对病组织分离纯化后，得到2种病原菌菌株，分别为镰孢属(Fusarium sp.)和腐霉属(Pythium sp.)，编号为L1和F1。

2.3 致病性测定

于2009年4月15日，经室内分离培养的2种菌进行田间活体接种，结果见表 1。L1菌种无致病力，F1菌种具有强致病力(图Ⅰ-C，D)。

伤皮接种中，L1无致病力，F1的菌株则具有强致病力，接种14天后发病率达到了90%。接种后第14天在接种点纵向、横向扩展明显，纵向扩展2~10 mm，横向扩展0.5~4 mm，其后扩展加速，第20天，纵向扩展达到8~15 cm，横向扩展到4 ~7 cm。第30天皮层与木质部分离，且木质部变褐，流出少量褐色液体，第35天汁液较多。对照伤皮处无扩展现象，伤口1周变褐，接种点以外其余皮层组织为绿色。从发病株病斑病健交接处分离得到与接种菌相同的培养物，编号F2，据此认为F1为核桃基腐病的病原菌，病菌可通过伤口侵入。

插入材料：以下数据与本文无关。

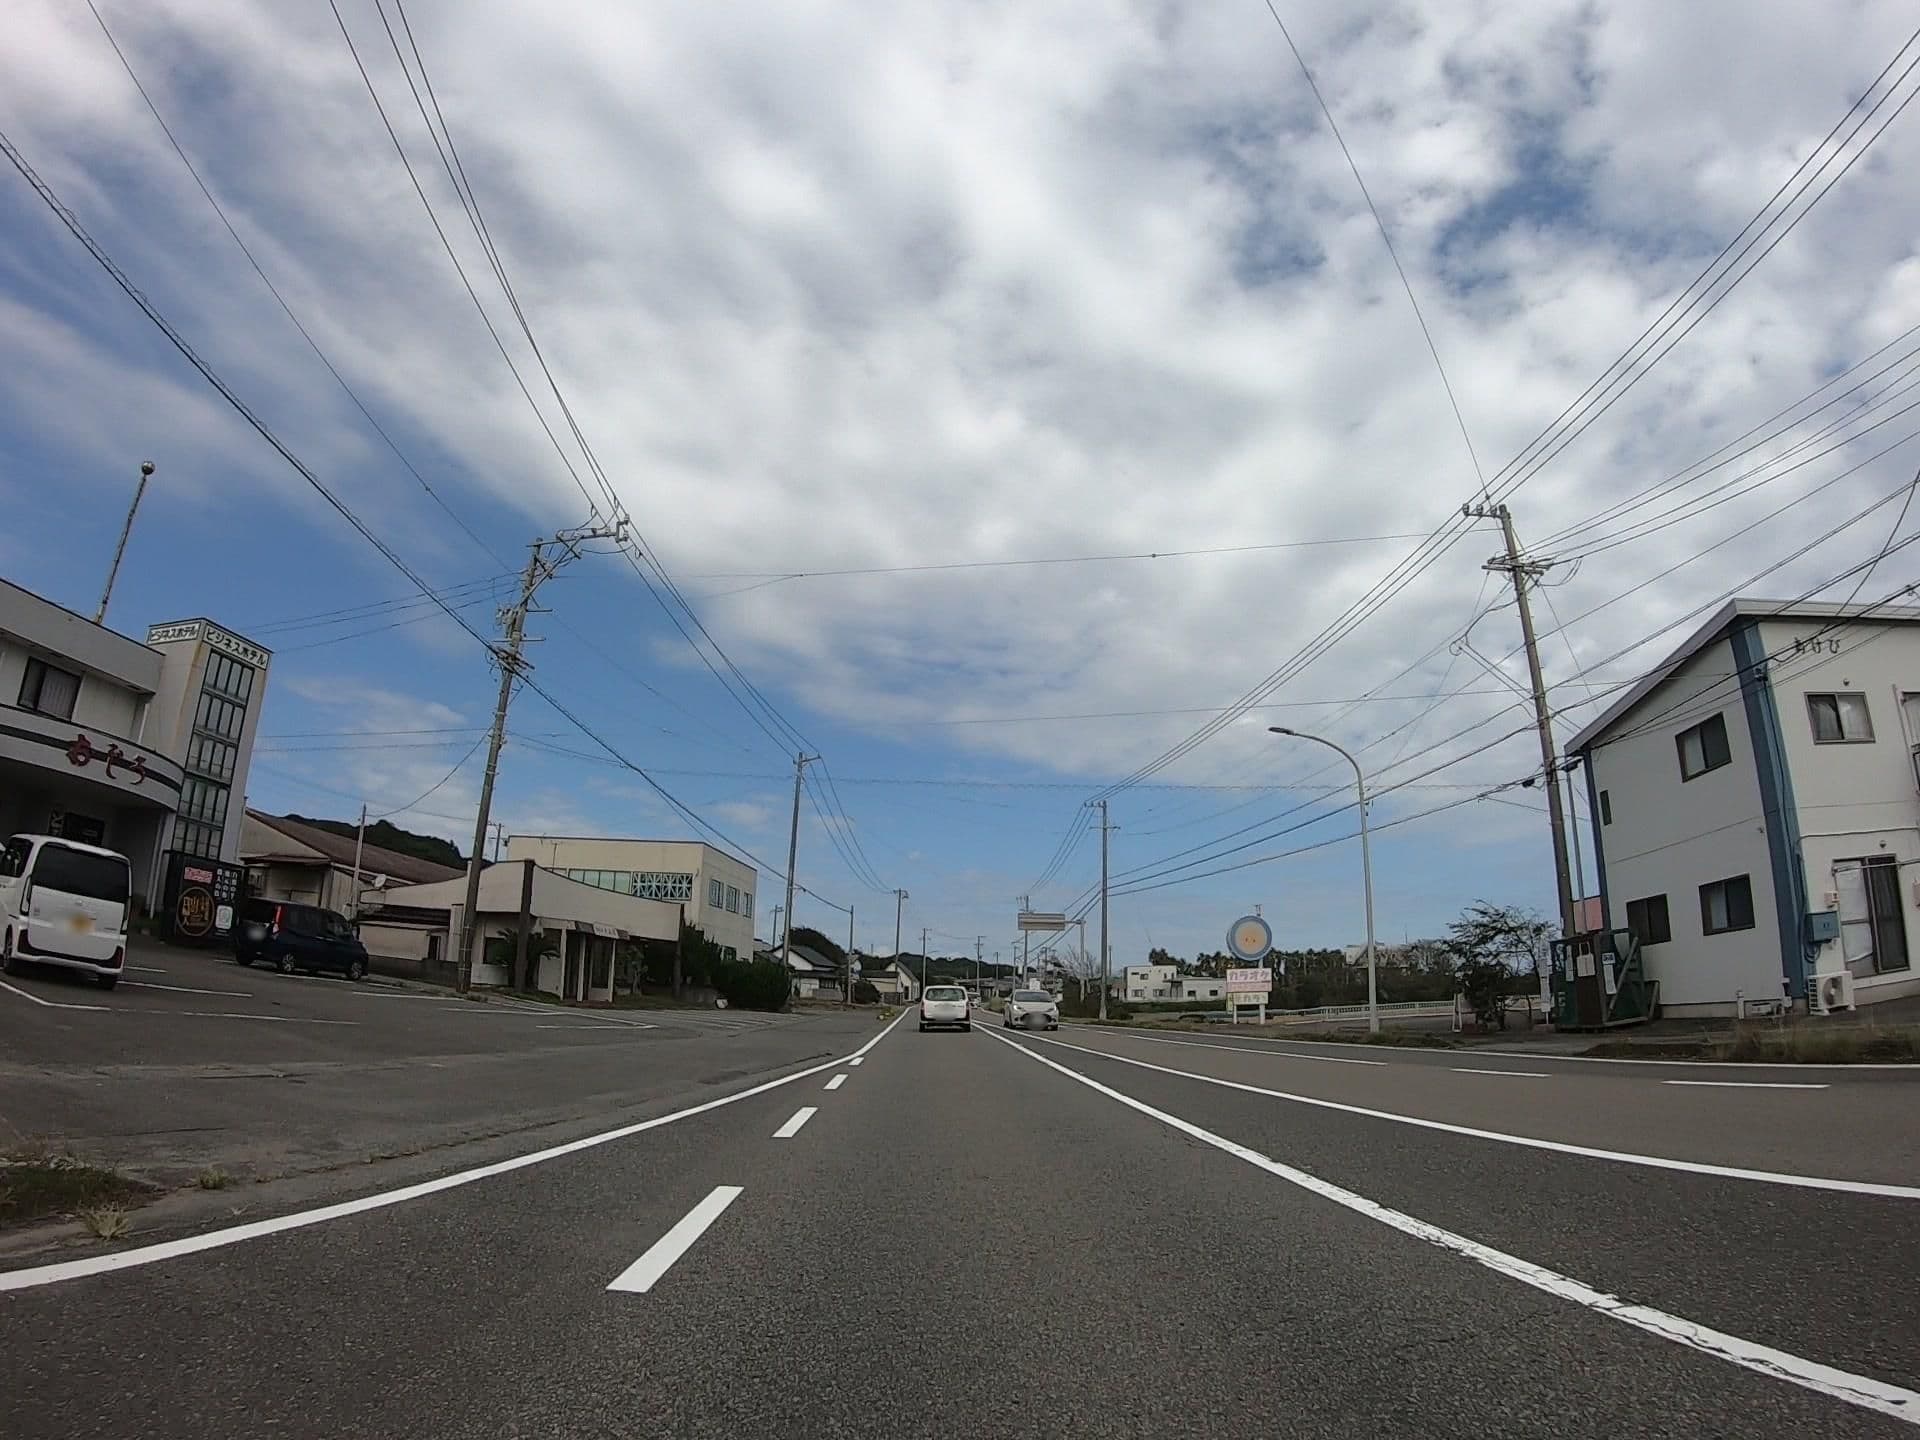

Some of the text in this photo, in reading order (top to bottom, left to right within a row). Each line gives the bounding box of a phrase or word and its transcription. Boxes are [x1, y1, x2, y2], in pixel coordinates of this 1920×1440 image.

2010年4月30日观察接种试验地，有伤接种方法中病斑在2个接种点之间扩展明显，纵向扩展10 cm，横向扩展5 cm，韧皮部与木质部剥离，之间有大量积水。

2.4 病原菌的培养特性、形态特征

在CMA培养基上，初期无明显的气生菌丝，后期气生菌丝成膜状覆于培养基表面。菌落放射状，周缘平滑，白色，培养基正反面颜色一致，无色素分泌。生长速度为直径日生长25~30 mm(图版Ⅰ-E，F)。主菌丝直径3.0~6 μm; 菌丝膨大体球形至近球形瘤状膨大，常单生。孢子囊球形至近球形，少部分形状不规则，常有短菌丝连成复合体。藏卵器球形，顶生或间生，有时侧生或间侧生，直径15 ~30 μm(平均21.2 μm); 藏卵器外壁具锥形突起物，突起物高2.5~7.8 μm(平均4.20 μm)，基部宽1.5~2.5 μm(平均2 μm)。雄器较少形成，形成时呈短棒形或曲颈形，异丝生，以顶端或侧面与藏卵器接触，(7~18)μm×(3~12)μm。卵孢子球形，平滑，不充满藏卵器或几乎满器，直径13~28 μm(平均20 μm)，壁厚1.4~1.8 μm(图版Ⅰ-G，H，I)(余永年，1998; 魏景超，1979)。

2.5 ITS区序列分析

经分子生物学辅助鉴定得到，F1和F2均能扩增得到单一片段，而用水做为阴性对照的CK未能扩增到该片段。通过对ITS区的双向测序，获得了长度为850 bp的rDNA-ITS基因序列，将此序列与GenBank中的序列进行同源性比较，结果表明核桃基腐病病原与寡雄腐霉(Pythium oligandrum)同源性高达99%(登录号GU323340)。

2.6 病原菌的鉴定

根据病害症状、病原培养特性、形态特征、致病性测定及ITS基因序列同源性对比等进行综合分析，参考有关资料认为，引起核桃基腐病病原应为寡雄腐霉。

2.7 与近缘种之间的比较

根据形态特征与资料所描述的特征进行比对，P.oligandrum和P.anandrum的主要区别是前者孢子囊球形或由菌丝状结构联结球状结构共同组成复合体，后者孢子囊椭圆形或长形，通常具一乳突。与P.sinesse的主要区别是P.sinesse孢子囊球形，不形成复合体。与P.amasculinum的主要区别是P.amasculinum雄器未见(余永年，1998)。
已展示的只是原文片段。